Performance Comparison of Large Language Models in TAP Block Ultrasound Interpretation

February 2, 2026 updated by: Engin Ihsan Turan, Kanuni Sultan Suleyman Training and Research Hospital

Performance Comparison of Large Language Models in TAP Block Ultrasound Interpretation: A Double-Blind Prospective Study

The goal of this study is to learn how accurately two artificial intelligence (AI) models, Gemini 2.5 Pro and ChatGPT-5.1, can interpret ultrasound videos of the Transversus Abdominis Plane (TAP) block, a regional anesthesia technique used for pain control after surgery.

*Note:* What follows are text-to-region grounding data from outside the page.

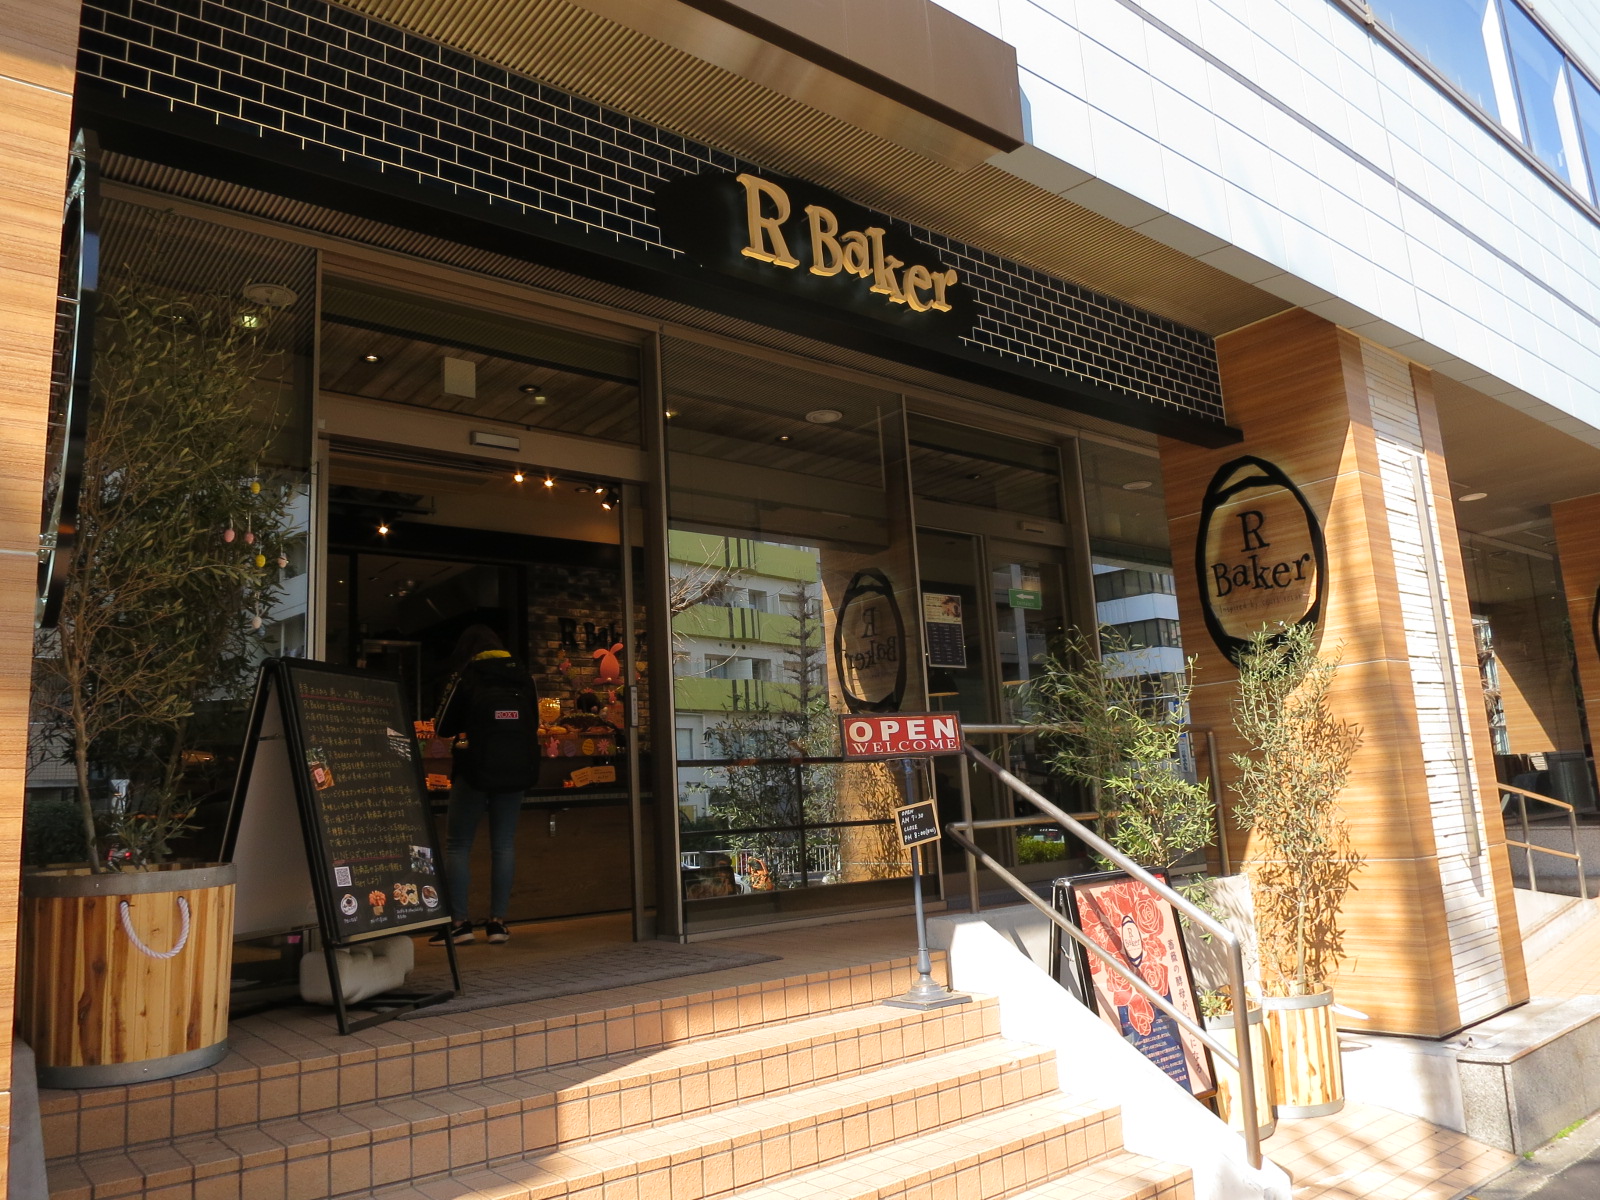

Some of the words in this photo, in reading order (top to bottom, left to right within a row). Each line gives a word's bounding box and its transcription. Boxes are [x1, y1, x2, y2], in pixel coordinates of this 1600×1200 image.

[736, 173, 800, 269] R
[804, 204, 958, 313] Baker
[1236, 510, 1270, 552] R
[1210, 552, 1311, 597] Baker
[496, 711, 518, 719] ROXY
[849, 719, 956, 742] OPEN
[852, 738, 957, 754] WELCOME
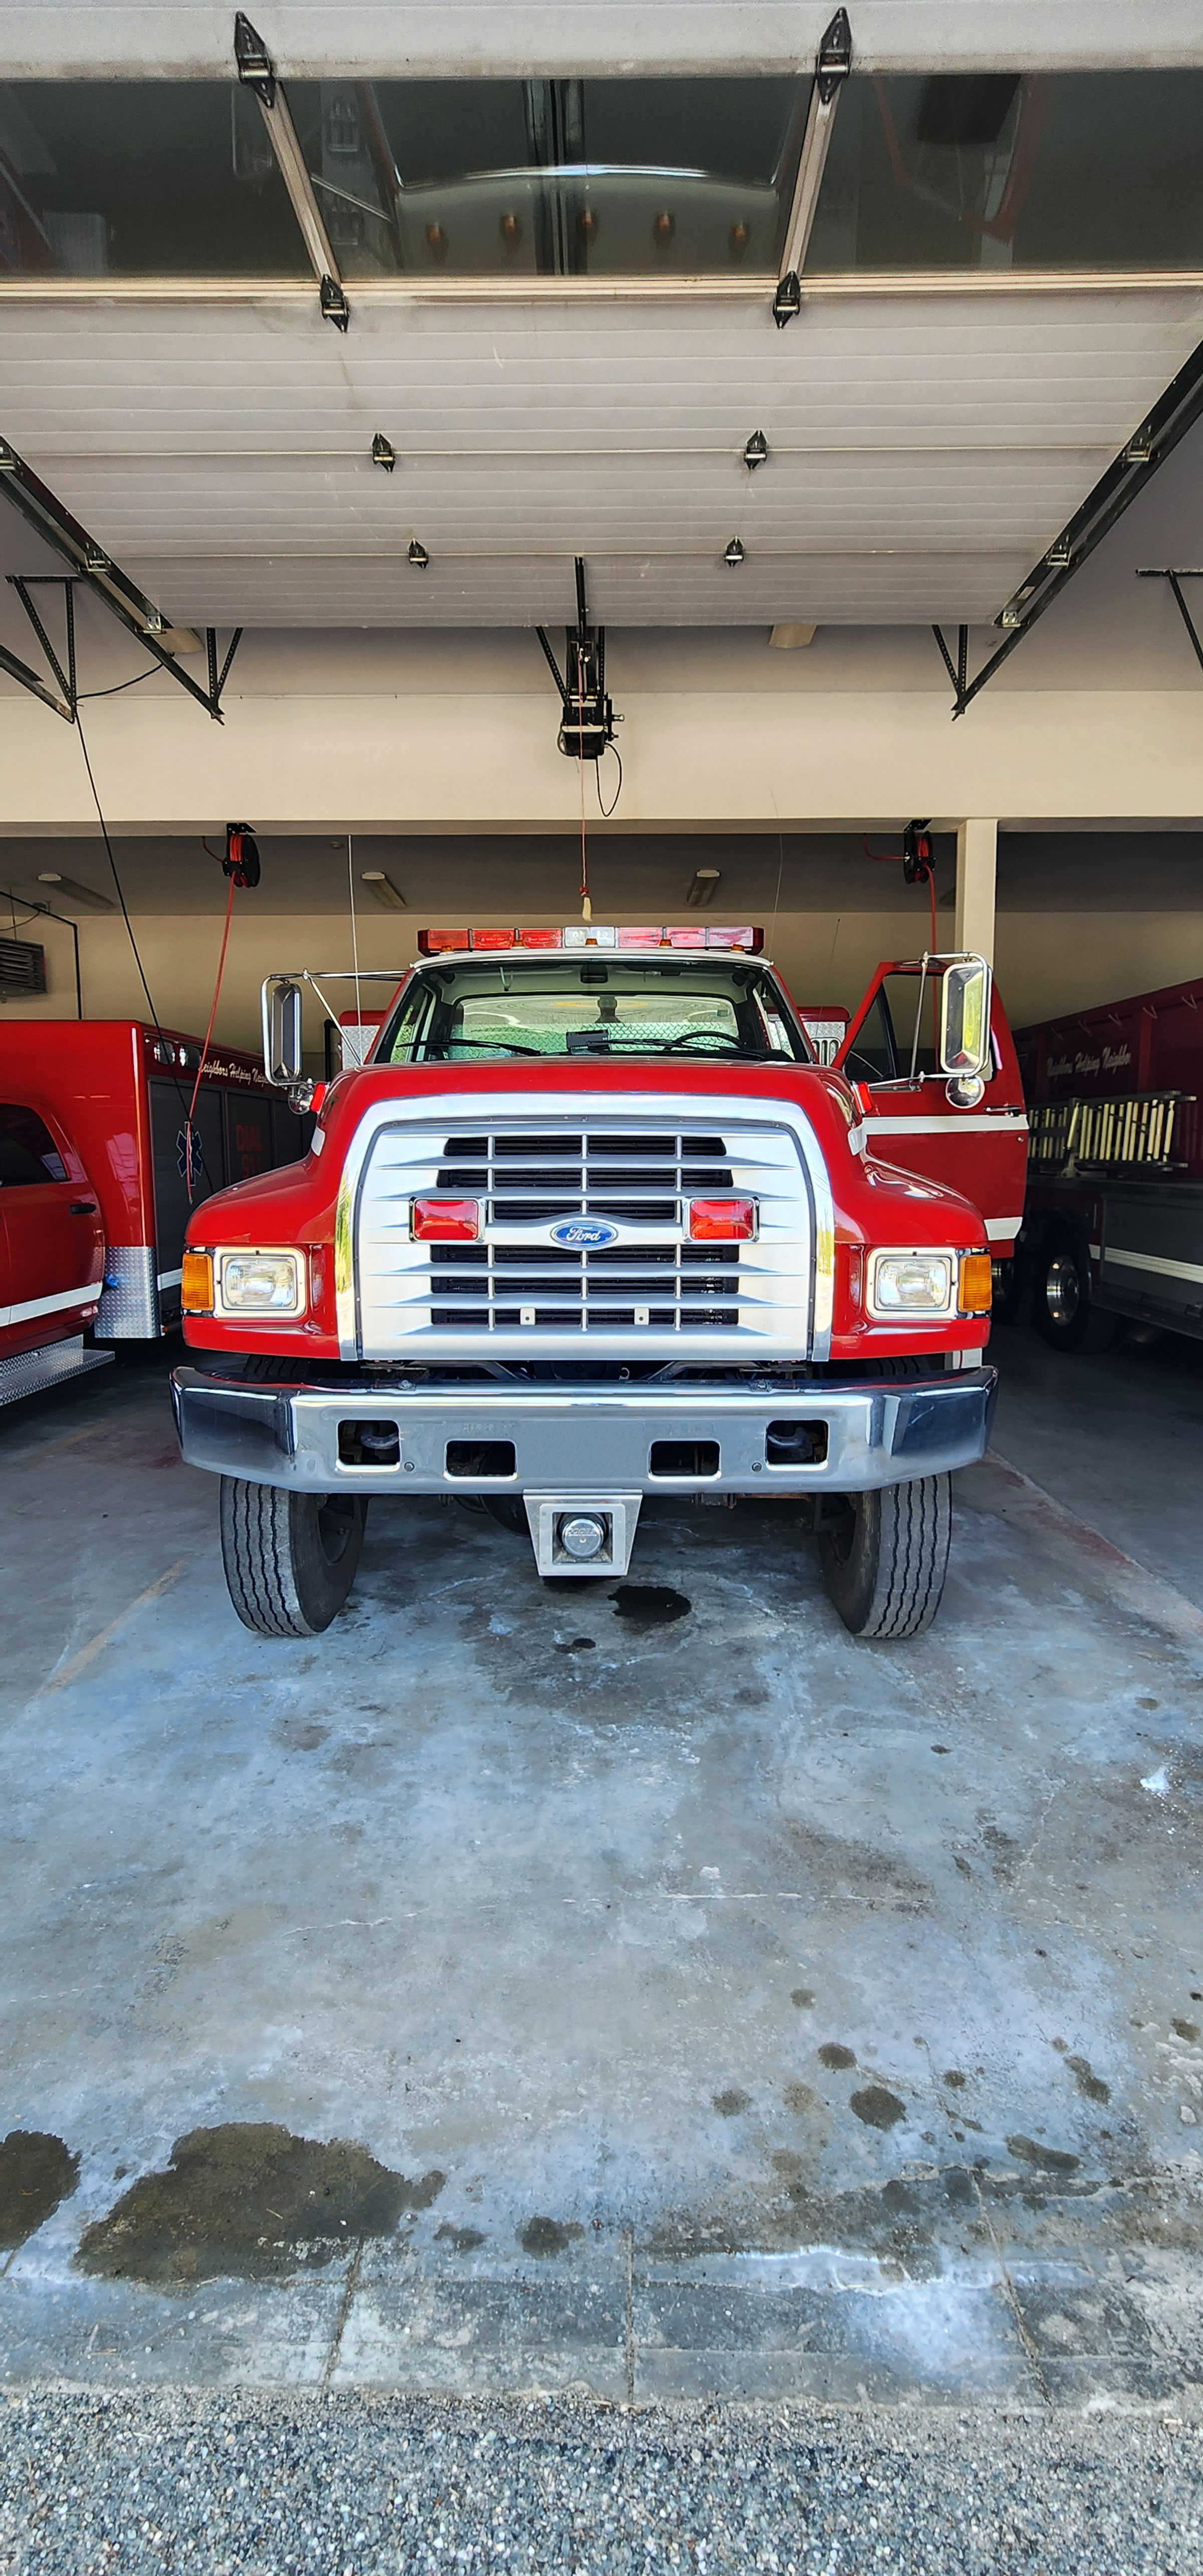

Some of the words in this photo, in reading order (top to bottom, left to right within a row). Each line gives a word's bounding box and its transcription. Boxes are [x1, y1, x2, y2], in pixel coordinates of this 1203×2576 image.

The main questions this study aims to answer are:

How accurately can each AI model identify anatomical structures on TAP block ultrasound videos? Can the AI models correctly evaluate the spread of local anesthetic and determine whether the block is successful? How closely do the AI models' answers match the evaluations of expert anesthesiologists? No additional procedures will be performed on patients. TAP blocks will be done as part of routine clinical care, and the ultrasound videos will be recorded and de-identified.

Participants will not need to do anything extra for the study. Experienced anesthesiologists will review the videos and provide expert answers. The AI models will be given the same videos and asked the same questions. A second expert, who does not know which answers came from humans or AI, will compare all responses.

The results will help researchers understand whether advanced AI systems can safely support clinicians in interpreting ultrasound-guided regional anesthesia procedures and improve education and decision-making in anesthesia practice.

Study Overview

Detailed Description

This study aims to evaluate how two advanced artificial intelligence (AI) models, Gemini 2.5 Pro and ChatGPT-5.1, interpret ultrasound videos of Transversus Abdominis Plane (TAP) block procedures. TAP blocks are performed as part of routine clinical care by experienced anesthesiologists. The ultrasound videos recorded during these procedures serve as the data source for this study. No additional procedures or patient involvement are required beyond standard care.

Ultrasound Video Processing All ultrasound recordings will be fully de-identified by removing patient names, dates, and any other identifying information.

Gemini 2.5 Pro will receive original video files. ChatGPT-5.1 will receive high-resolution GIF segments generated from the same recordings.

Both models will be given identical structured prompts consisting of eight clinically relevant questions about anatomic structures, needle placement, local anesthetic spread, dermatomal effects, and potential safety concerns.

Expert Participation

Two anesthesiology experts will participate independently:

Expert A will review each ultrasound video and answer the same set of eight clinical questions. These answers will serve as the primary human clinical reference.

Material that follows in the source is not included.